I agree that the Devil and his demons seek to divide the Body of Christ by any means, and the “exalted-despised” division, in which both sides sin in different ways, is one of their most successful ploys. But Morgan takes the view that we are being forced into one or the other of these categories by simply living in the United States, and he posits no escape route that I can see.
The only trace of hope I find comes when Morgan writes, “We become, without charity and grace, the in-crowd and the outsiders, the exalted and the despised.” Charity and grace are the gifts of the Holy Spirit we must appropriate in order to avoid the diabolical dichotomy to which Morgan tries to condemn us.
I know I have done things wrong in my academic career, but I think it is still possible, in some geographic areas and in some disciplines, to maintain integrity as a Christian and still serve students without taking sides in the demonic cultural battle Morgan describes. Noting that Morgan earns his living the same way, I hope he can maintain his integrity, too.
Karl D. Stephan
Ingram School of Engineering, Texas State University
San Marcos, Texas
Near the end of his column, Jason M. Morgan concludes, “I have come to believe that what I have seen in my lifetime — this crazed disunity of the exalted and the despised — is not political, not economic, not social, not cultural, and not even human in many ways. It is diabolical.” The current reality is that the Devil is “on a roll,” deeply entrenched in the primary culture-carriers of the West. Our ancient enemy has steamrolled through our fragile defenses, gaining momentum as he goes.
Not many people would agree with this; not many people today are aware of the intensity of the spiritual warfare in which we are engaged. When 69% of Catholics do not believe in transubstantiation, that the Eucharist is truly the body, blood, soul, and divinity of Jesus, calling it only a symbol, it is no wonder there is faint awareness of or even belief in Satan and his hatred of mankind. Add to this the growing number of “nones,” those with no religious affiliation, many of whom believe religion is incompatible with a scientific worldview, for whom talk of things diabolical seems absurd.
Historically, the most formidable defense against the Evil One has been the Catholic Church.
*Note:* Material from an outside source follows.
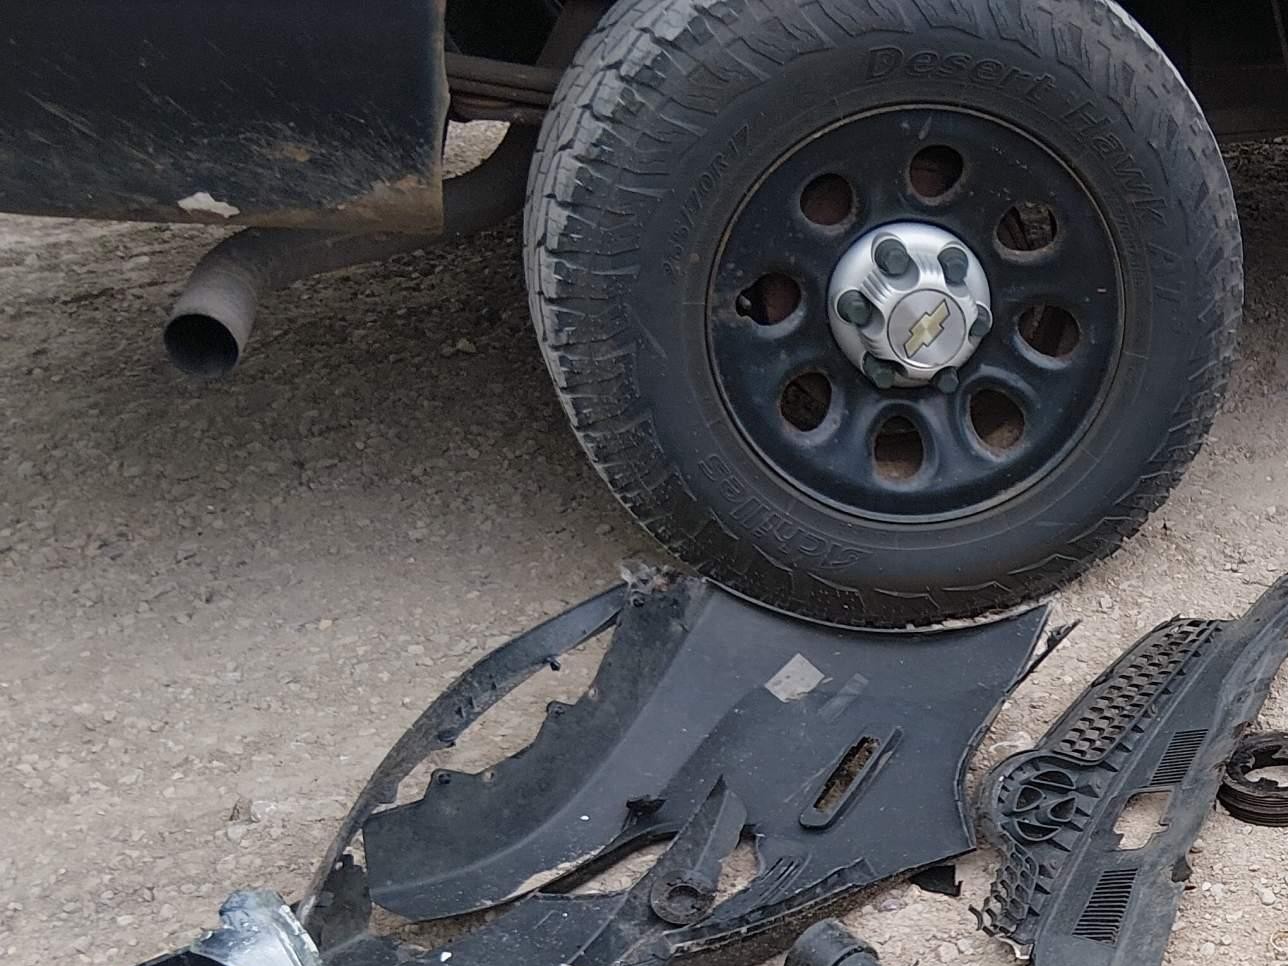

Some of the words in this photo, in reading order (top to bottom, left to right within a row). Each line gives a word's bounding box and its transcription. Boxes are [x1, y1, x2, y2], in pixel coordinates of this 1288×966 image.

[857, 44, 1056, 104] Desert
[1061, 99, 1167, 226] Hawk
[698, 453, 874, 570] Achilles
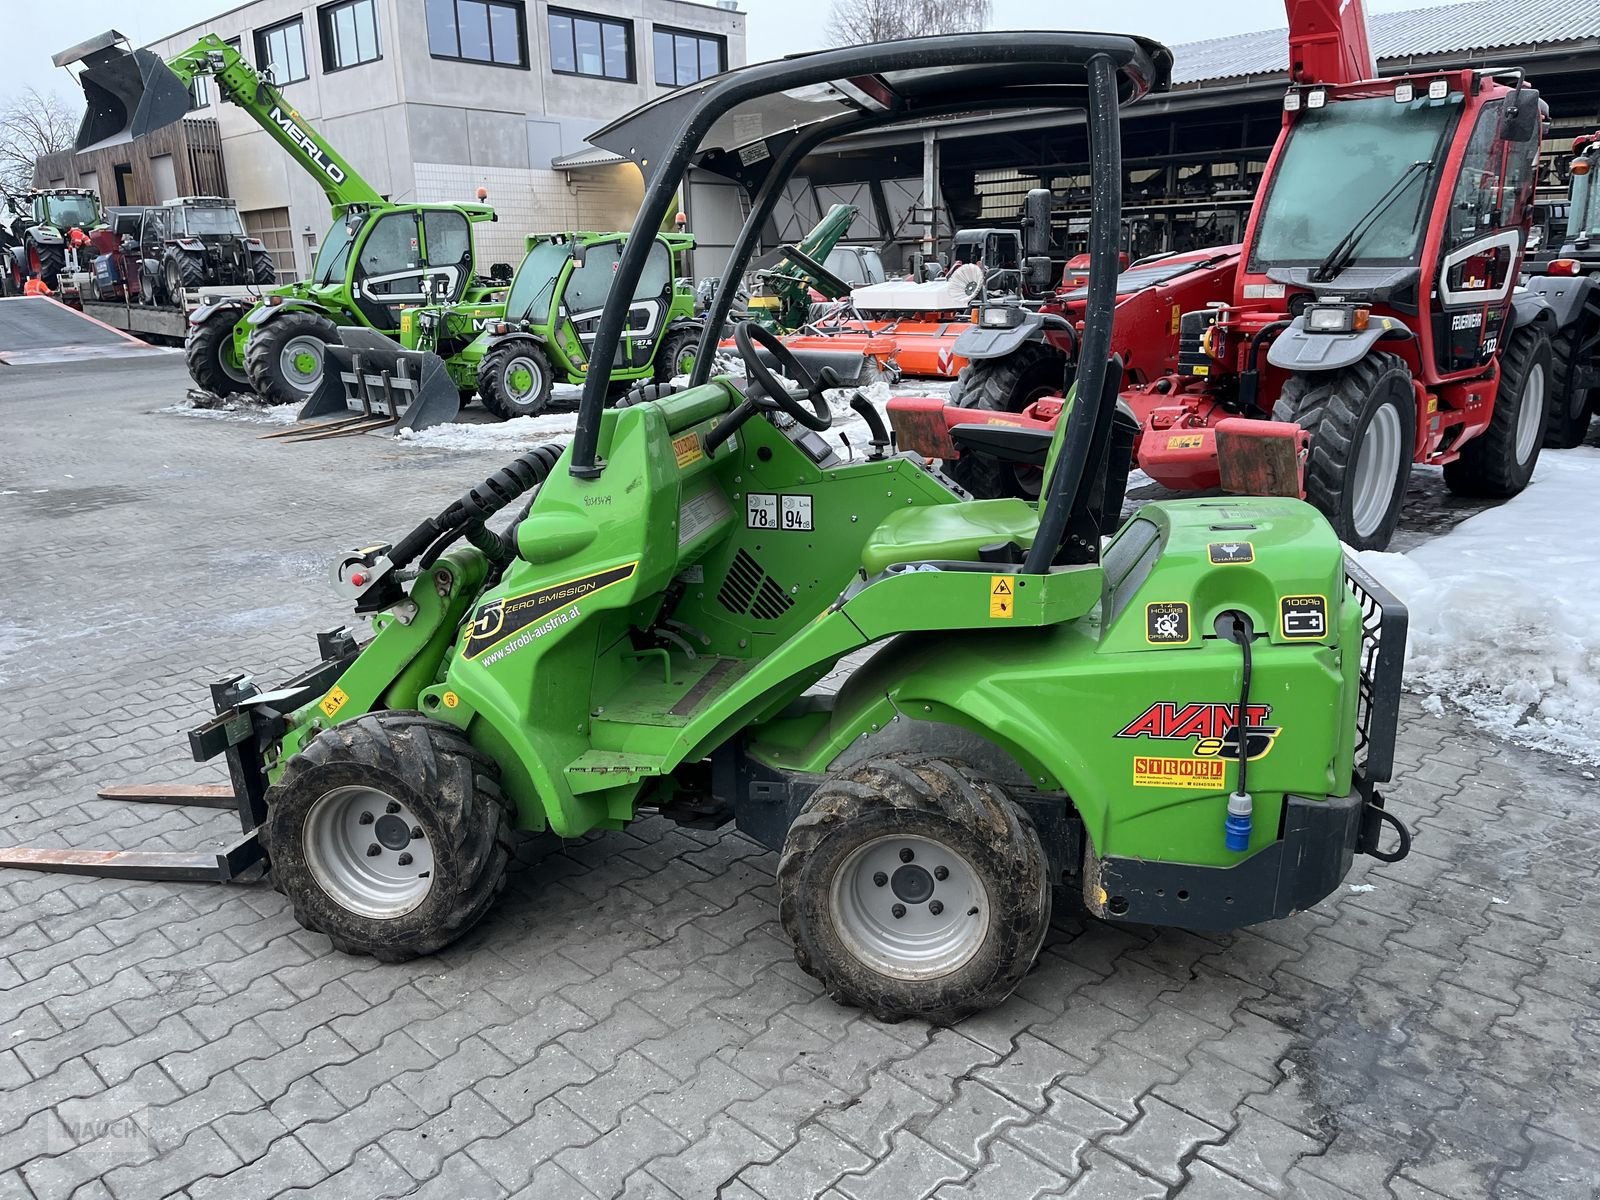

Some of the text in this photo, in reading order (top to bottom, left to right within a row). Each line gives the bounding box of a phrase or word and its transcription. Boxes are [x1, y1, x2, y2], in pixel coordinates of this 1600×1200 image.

However, the Church has grown weak, her authority undermined or compromised. In response to this, Pope Benedict XVI said, “The Church is there so that God, the living God, may be made known — so that man may learn to live with God, live in His sight and in fellowship with Him. The Church is there to prevent the advance of Hell upon earth and to make earth fit to live in through the light of God” (Pilgrim Fellowship of Faith).
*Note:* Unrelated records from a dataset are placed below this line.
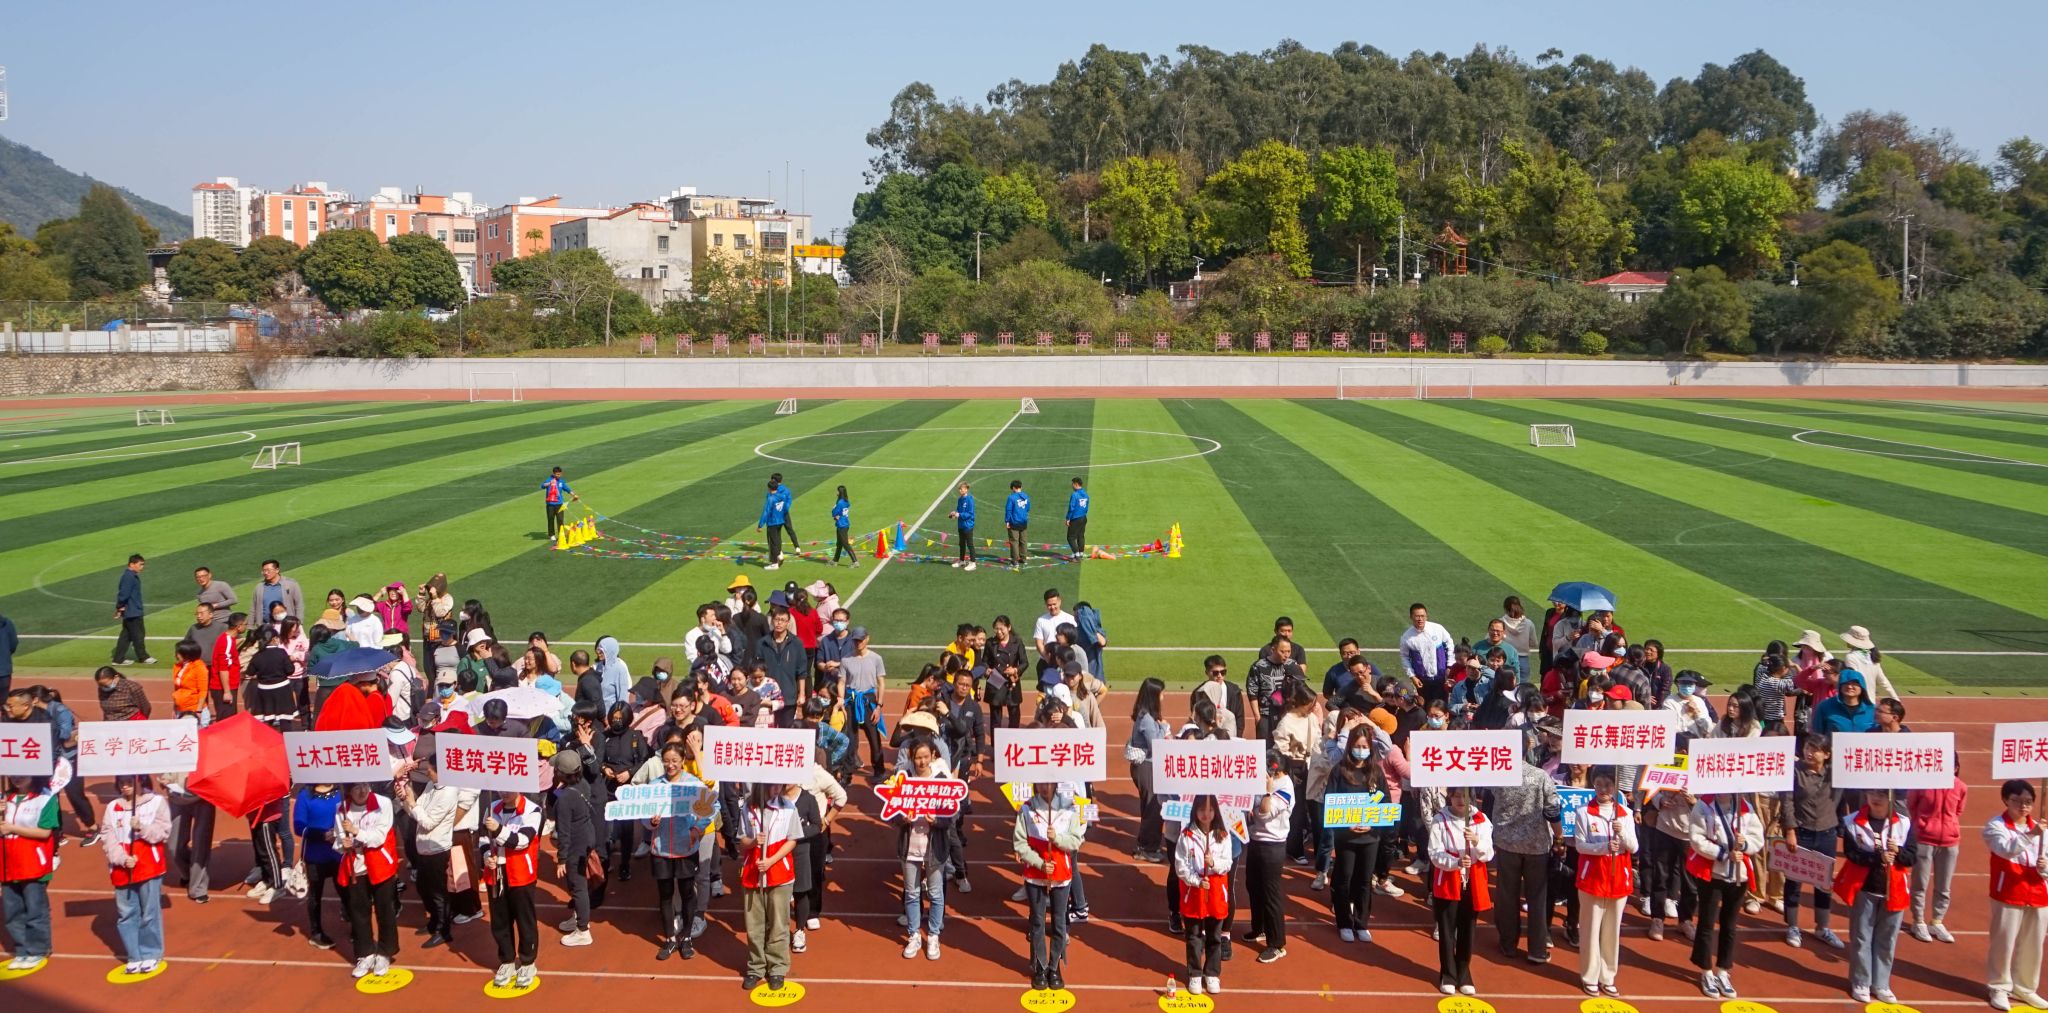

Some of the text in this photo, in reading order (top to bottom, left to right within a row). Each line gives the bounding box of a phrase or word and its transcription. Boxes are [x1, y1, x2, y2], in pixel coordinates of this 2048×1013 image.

[0, 737, 41, 760] 工会
[80, 733, 198, 757] 医学院工会
[1573, 724, 1666, 750] 音乐舞蹈学院
[296, 743, 381, 769] 土木工程学院
[446, 747, 529, 777] 建筑学院
[714, 741, 805, 768] 信息科学与工程学院
[1004, 742, 1095, 768] 化工学院
[1421, 746, 1513, 772] 华文学院
[1843, 748, 1944, 772] 计算机科学与技术学院
[2001, 738, 2048, 763] 国际关
[1164, 755, 1258, 780] 机电及自动化学院
[1696, 752, 1785, 777] 材料科学与工程学院
[889, 796, 955, 810] 争优又创先
[901, 784, 964, 797] 伟大半边天
[1326, 806, 1399, 824] 映耀芳华
How can the Church prevent the “advance of Hell” if she cannot present a powerful, united front, cannot be a bulwark to block and repel insistent diabolical assaults on all aspects of human life? Scripture says, “Without a vision, the people perish.” Given that Satan is well established in our consumer culture, in domestic and international politics, and in most forms of entertainment, a clear vision, a new way forward, is required. Benedict proposed just that. He said, “Since a consumer culture exists that wants to prevent us from living in accordance with the Creator’s plan, we must have the courage to create islands, oases, and then great stretches of land of Catholic culture where the Creator’s design is lived out” (Encounter with the Youth, April 6, 2006).
These are not the whimsical musings of an aging pope. In fact, new and older ecclesial movements are pursuing Benedict’s vision, developing networks of committed relationships of men and women in love with Jesus Christ, eagerly striving to grow in holiness. These movements have strong leadership, common ideals and agreements, vibrant family life, and zeal for living the Gospel and Church teaching, and they are sincerely loyal to the Magisterium. They have formed “islands” and “oases” of Catholic counterculture, in the world but not of it — and not without suffering persecution.
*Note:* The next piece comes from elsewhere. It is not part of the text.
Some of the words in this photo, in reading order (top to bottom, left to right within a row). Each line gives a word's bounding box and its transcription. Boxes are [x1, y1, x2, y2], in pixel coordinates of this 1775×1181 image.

Today’s ecclesial movements are prophetic signs, beacons of hope to the world and, most especially, to the Church — a way forward, a way to rebuild a sturdy bulwark to “prevent the advance of Hell upon earth.” Kudos to Morgan for exposing the Devil and his works, bringing light to the present darkness.
Bob Filoramo
Warren, New Jersey
JASON M. MORGAN REPLIES:
Karl D. Stephan’s thoughtful letter gives me a good opportunity to clarify some things from my column. He is right to lay plenty of blame for our hobbled society at the feet of social-media companies, which do profit from the divisiveness they sow. Yet I see those companies, and the people who use them, as lost in a much bigger wilderness. Whatever Big Tech delivers, it is not their trademarked brand, and it certainly isn’t new in the world. There are no cellphone videos of Red Guards beating up teachers, and no selfies showing a member of a Parisian mob holding up a guillotined head. The human heart is half-dipped in venom and has been since long before we started boasting of it casually online.
Prof. Stephan also confirms something I have heard before, namely, that engineering departments at American universities have sane people in them. This is something of a fable we sometimes hear whispered in humanities departments. I hope our cousins in engineering will hold what they’ve got — and hold fast. Among the names of the academic disappeared and traumatized — Joshua T. Katz (Princeton), Laura Kipnis (Northwestern), Carol M. Swain (Vanderbilt), Bret Weinstein (Evergreen), Peter Boghossian (Portland State), Jordan B. Peterson (Univ. of Toronto), Jay Bhattacharya (Stanford), Nicholas A. Christakis (Yale), Frances Widdowson (Mount Royal Univ.), Amy Wax (Univ. of Pennsylvania), the list goes on and on — there are no engineers.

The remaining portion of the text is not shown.